On the face of it Godzilla and video games seem like the perfect match. But making a good quality game where you play as a nigh invulnerable, skyscraper-sized monster, with no particular goal other than beating up other giant monsters, is not as easy as it might sound. It has been done before, but unfortunately this new game is not fit for a king.
We’ve always been very partial to the Godzilla: Destroy All Monsters Melee series of games, that started out on the GameCube and worked as a sort of slower, stodgier (as is Godzilla’s wont) version of Power Stone. In fact turning the Godzilla universe into a fighting game has worked multiple times, not just in those games but in unofficial homages such as SNK’s King Of The Monsters series and PlayStation 2 title War Of The Monsters. The early Earth Defence Force games are also worth a mention, as a fun portray of the human side of the concept.

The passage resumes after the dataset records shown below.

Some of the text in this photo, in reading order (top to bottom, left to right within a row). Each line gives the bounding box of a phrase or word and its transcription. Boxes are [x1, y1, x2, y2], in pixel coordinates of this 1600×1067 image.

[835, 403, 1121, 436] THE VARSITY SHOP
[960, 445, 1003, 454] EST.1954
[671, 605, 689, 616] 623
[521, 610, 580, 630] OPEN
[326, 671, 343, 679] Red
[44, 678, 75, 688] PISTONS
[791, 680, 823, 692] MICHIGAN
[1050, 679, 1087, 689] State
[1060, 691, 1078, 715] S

It’s when a game tries to hang a single-player campaign around the Big G that things start to go wrong, and this new game is worryingly reminiscent of Godzilla Generations on the Dreamcast. Not just the basic city-smashing premise, but in terms of the outdated graphics and some very odd design decisions…

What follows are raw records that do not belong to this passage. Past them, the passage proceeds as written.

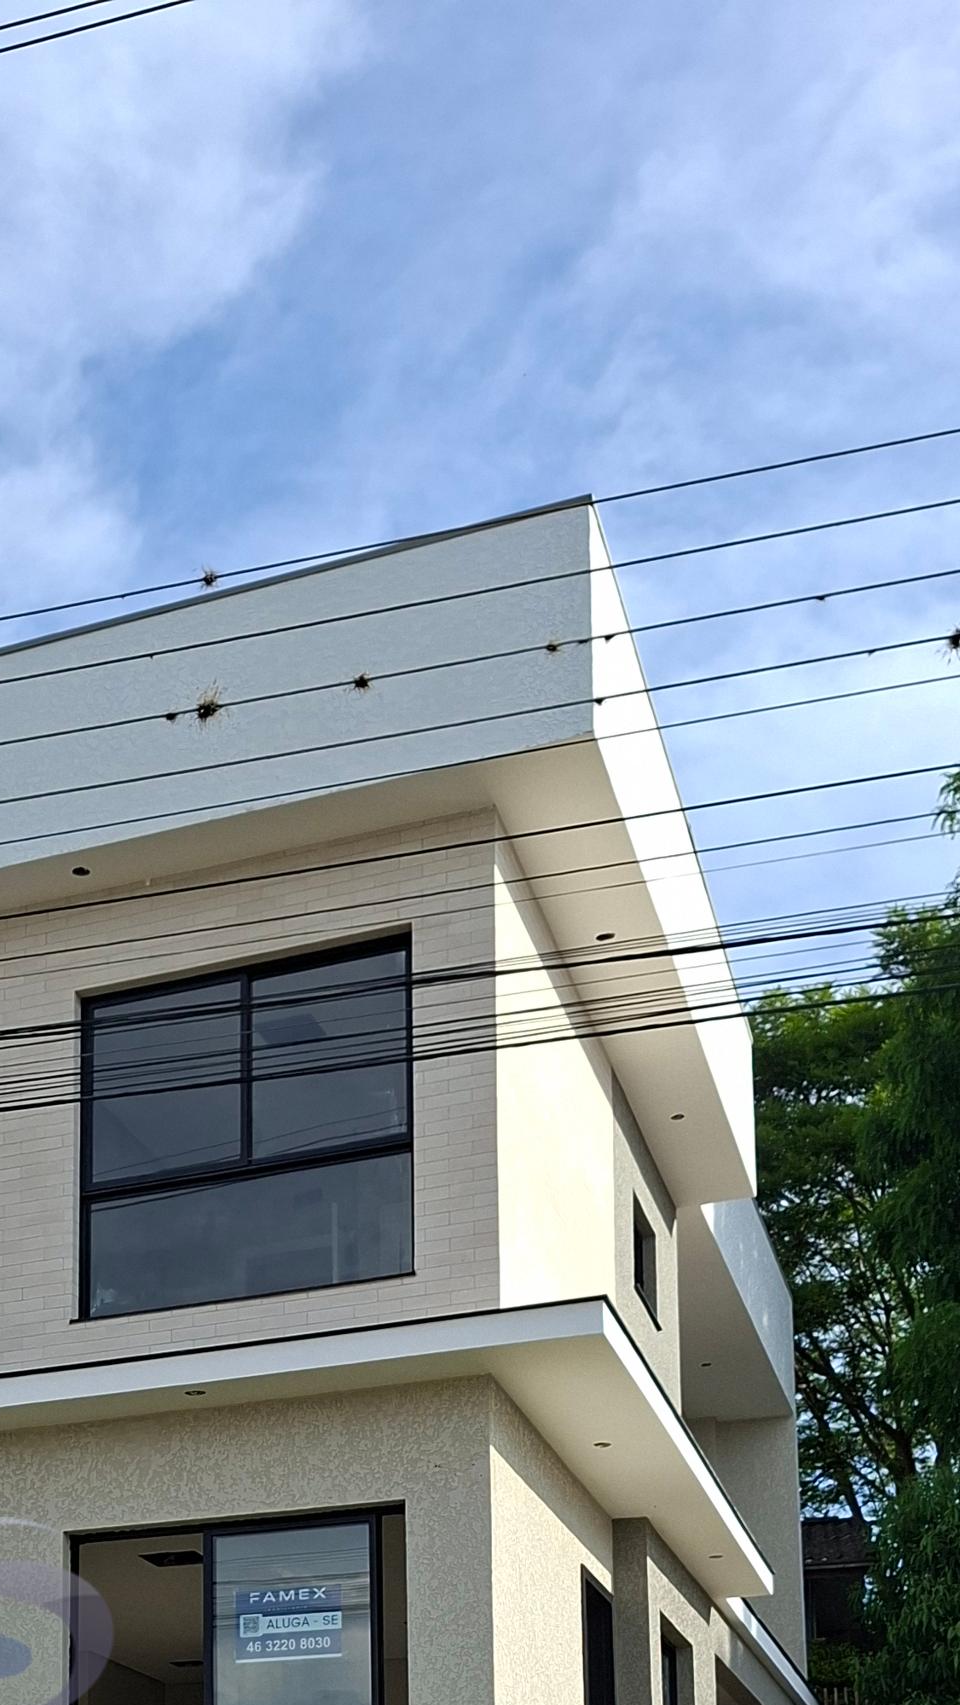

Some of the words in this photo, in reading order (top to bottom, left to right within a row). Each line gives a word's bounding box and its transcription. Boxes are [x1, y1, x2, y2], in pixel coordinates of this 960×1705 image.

[249, 1586, 327, 1604] FAMEX
[266, 1616, 310, 1630] ALUGA
[322, 1614, 339, 1626] SE
[246, 1641, 262, 1653] 46
[265, 1639, 296, 1652] 3220
[300, 1636, 331, 1649] 8030

In the main story mode you start off controlling an old school Toho versions of Godzillla (the American version from the new movie is in the game, but you have to unlock him) as he appears in Japan for the first time in 60 years. He’s quite small though and by destroying objects and acquiring ‘G-Energy’ you slowly begin to grow over the course of 10 stages. We don’t profess to be Godzilla experts but we’ve never heard of that happening in the films, so it seems an odd premise to base a whole game on.Godzilla (PS4) – everyone loves King Ghidorah
What’s even odder is that the person designing the controls still seems to think it’s 1996, as Godzilla has what are essentially Resident Evil style tank controls. You push forward to move but turning left and right is achieved by using the shoulder buttons to rotate you around. We assume this was meant to enhance the impression that you really are controlling a slow-moving giant, but all it does is make Godzilla look drunk and confused.
The story mode has a branching structure, with 25 possible arenas in total, and where the idea is simply to absorb as much G-Energy as possible. Nothing the puny humans throw at you does much to impede your progress, and blowing up helicopters with your atomic breath or stomping on tanks is usually relegated to mere bonus objectives. The real challenge comes from fellow monsters, who turn up seemingly at random and, naturally, don’t have nearly as much trouble with the controls as you do.